■ Data shown:
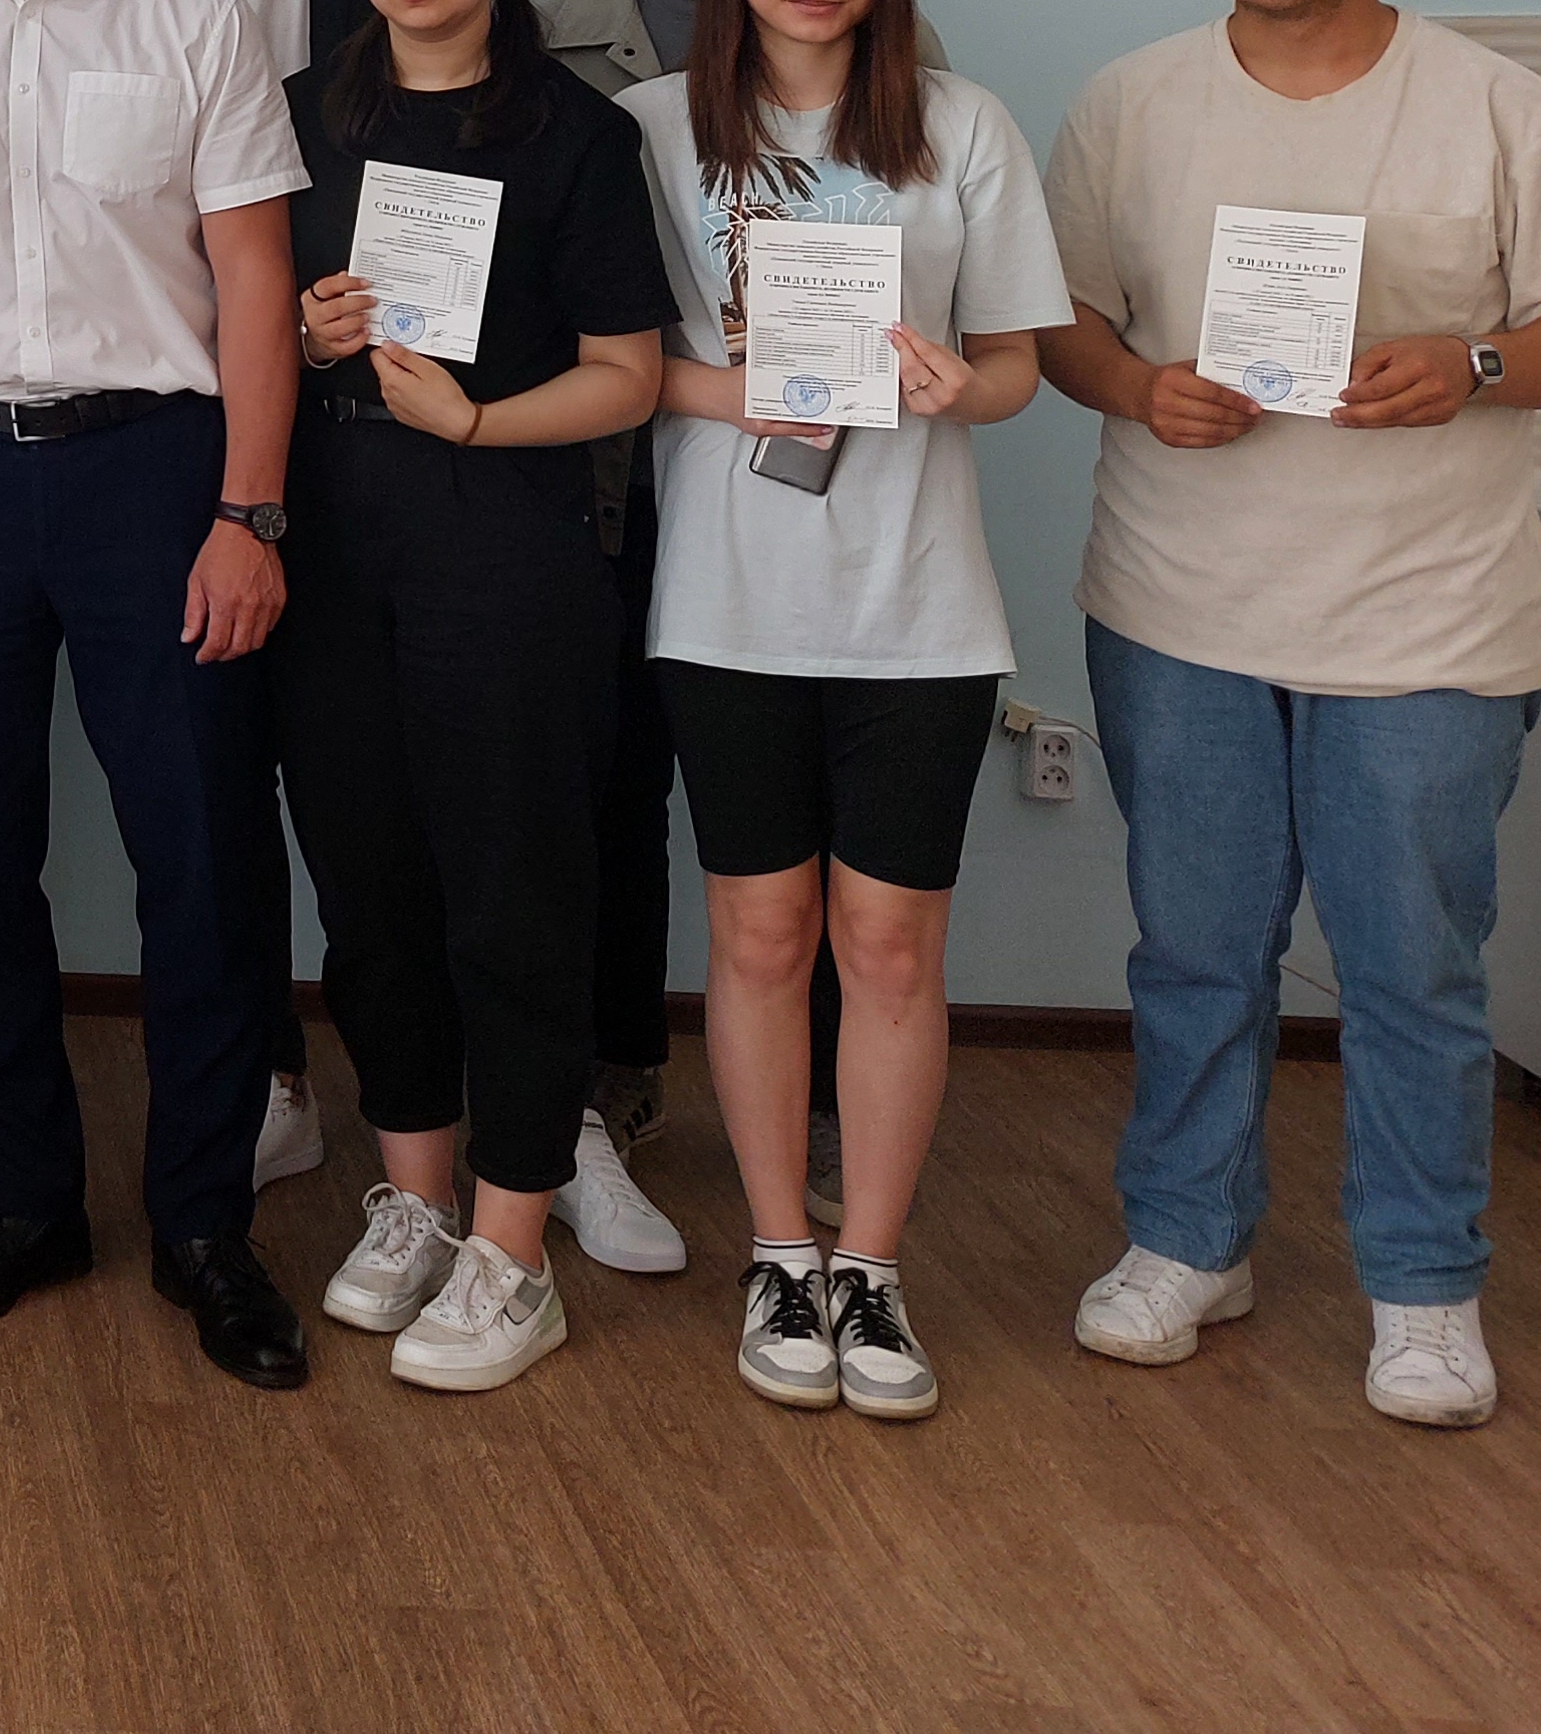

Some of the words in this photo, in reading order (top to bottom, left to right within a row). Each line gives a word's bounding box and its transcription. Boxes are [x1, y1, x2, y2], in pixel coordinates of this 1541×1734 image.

[708, 192, 759, 211] BEACH
[374, 201, 487, 227] СВИДЕТЕЛЬСТВО
[1227, 256, 1347, 274] СВИДЕТЕЛЬСТВО
[763, 274, 886, 289] СВИДЕТЕЛЬСТВО
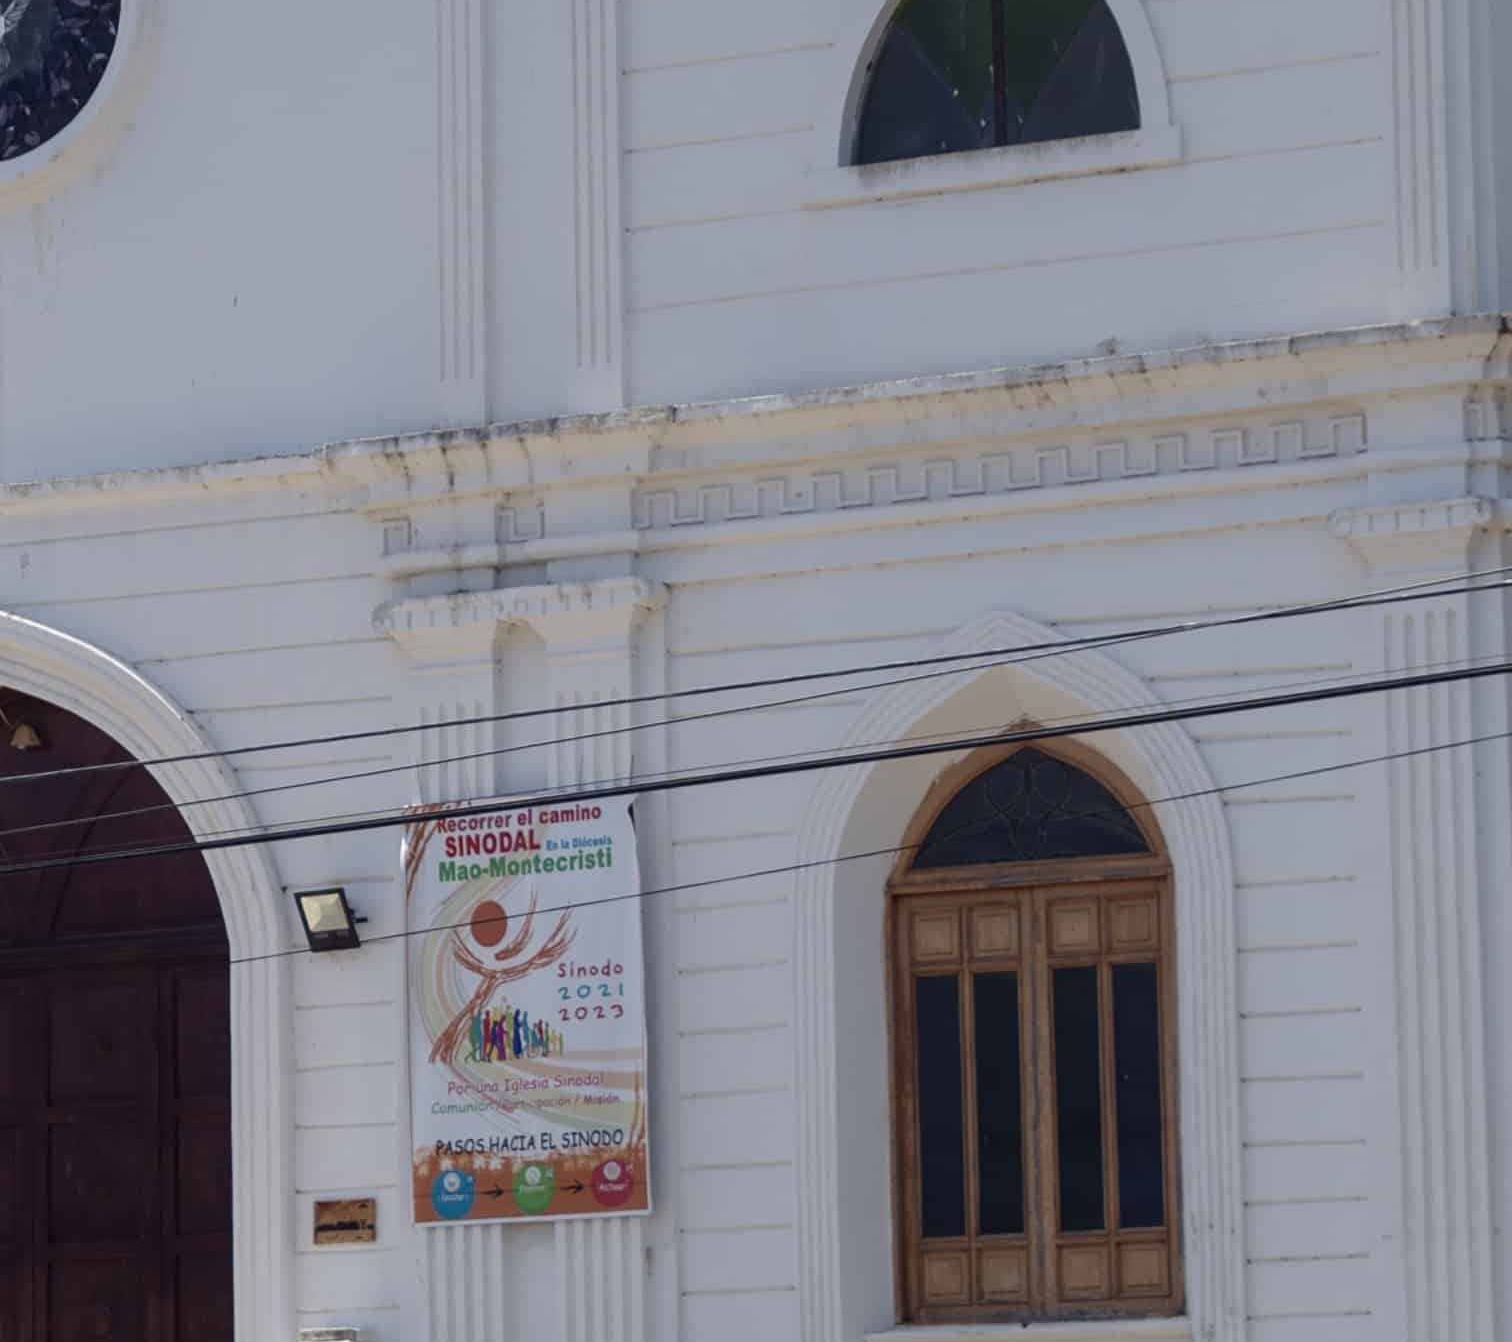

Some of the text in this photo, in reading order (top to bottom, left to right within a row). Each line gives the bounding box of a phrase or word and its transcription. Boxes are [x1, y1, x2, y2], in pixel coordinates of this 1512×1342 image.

[436, 804, 602, 833] Recorrer el camino
[445, 828, 541, 858] SINODAL
[439, 846, 612, 883] Mao-Montecristi
[558, 982, 624, 1000] 2021
[558, 1004, 624, 1021] 2023
[504, 1076, 549, 1095] Iglesia
[435, 1139, 485, 1155] PASOS
[489, 1135, 535, 1152] HACIA
[540, 1132, 556, 1150] EL
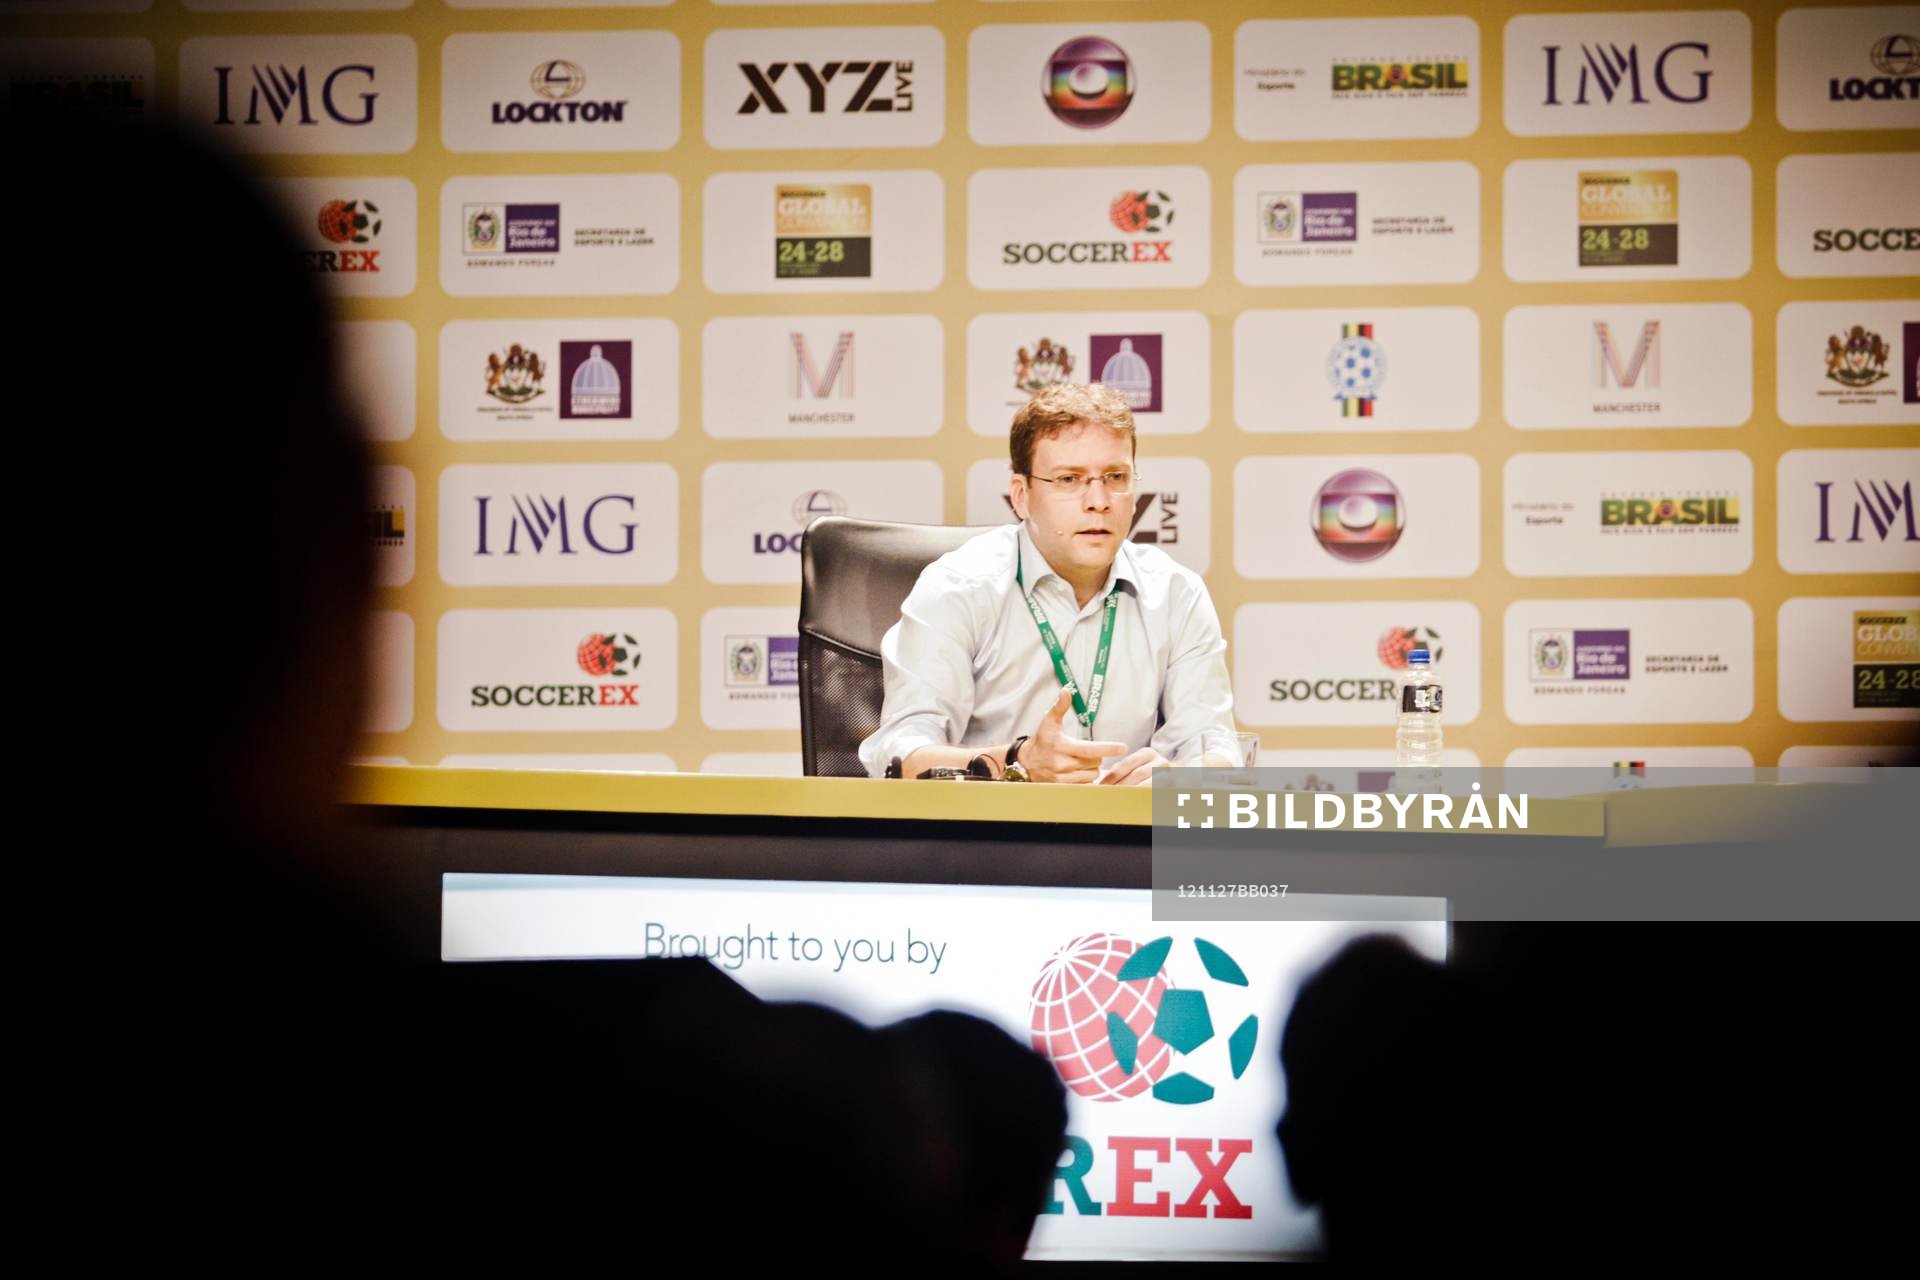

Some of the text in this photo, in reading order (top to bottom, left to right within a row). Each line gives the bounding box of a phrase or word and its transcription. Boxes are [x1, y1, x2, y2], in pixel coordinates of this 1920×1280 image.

[894, 60, 914, 112] LIVE
[1331, 63, 1468, 91] BRASIL
[1542, 42, 1713, 105] IMG
[213, 64, 379, 126] IMG
[737, 61, 893, 114] XYZ
[492, 101, 625, 124] LOCKTON
[779, 240, 844, 262] 24-28
[1003, 240, 1172, 265] SOCCEREX
[1582, 227, 1649, 251] 24-28
[788, 412, 855, 424] MANCHESTER
[1593, 402, 1661, 414] MANCHESTER
[474, 493, 639, 555] IMG
[1160, 492, 1178, 544] LIVE
[1601, 498, 1740, 525] BRASIL
[471, 684, 639, 707] SOCCEREX
[1269, 679, 1398, 701] SOCCER
[645, 922, 948, 974] Brought to you by
[1042, 1135, 1253, 1220] REX

■ What is expected:
Please return each line of the listing exactly as written, excluding the images.

■ Answer box:
Some of the words in this photo, in reading order (top to bottom, left to right within a row). Each line gives a word's bounding box and its transcription. Boxes are [x1, y1, x2, y2], in pixel coordinates of this 1541×1734 image.

[708, 192, 759, 211] BEACH
[374, 201, 487, 227] СВИДЕТЕЛЬСТВО
[1227, 256, 1347, 274] СВИДЕТЕЛЬСТВО
[763, 274, 886, 289] СВИДЕТЕЛЬСТВО

Some of the text in this photo, in reading order (top to bottom, left to right within a row). Each line gives the bounding box of a phrase or word and its transcription. Boxes are [x1, y1, x2, y2], in pixel coordinates of this 1512×1342 image.

[436, 804, 602, 833] Recorrer el camino
[445, 828, 541, 858] SINODAL
[439, 846, 612, 883] Mao-Montecristi
[558, 982, 624, 1000] 2021
[558, 1004, 624, 1021] 2023
[504, 1076, 549, 1095] Iglesia
[435, 1139, 485, 1155] PASOS
[489, 1135, 535, 1152] HACIA
[540, 1132, 556, 1150] EL

Some of the text in this photo, in reading order (top to bottom, left to right within a row). Each line gives the bounding box of a phrase or word and its transcription. Boxes are [x1, y1, x2, y2], in pixel coordinates of this 1920×1280 image.

[894, 60, 914, 112] LIVE
[1331, 63, 1468, 91] BRASIL
[1542, 42, 1713, 105] IMG
[213, 64, 379, 126] IMG
[737, 61, 893, 114] XYZ
[492, 101, 625, 124] LOCKTON
[779, 240, 844, 262] 24-28
[1003, 240, 1172, 265] SOCCEREX
[1582, 227, 1649, 251] 24-28
[788, 412, 855, 424] MANCHESTER
[1593, 402, 1661, 414] MANCHESTER
[474, 493, 639, 555] IMG
[1160, 492, 1178, 544] LIVE
[1601, 498, 1740, 525] BRASIL
[471, 684, 639, 707] SOCCEREX
[1269, 679, 1398, 701] SOCCER
[645, 922, 948, 974] Brought to you by
[1042, 1135, 1253, 1220] REX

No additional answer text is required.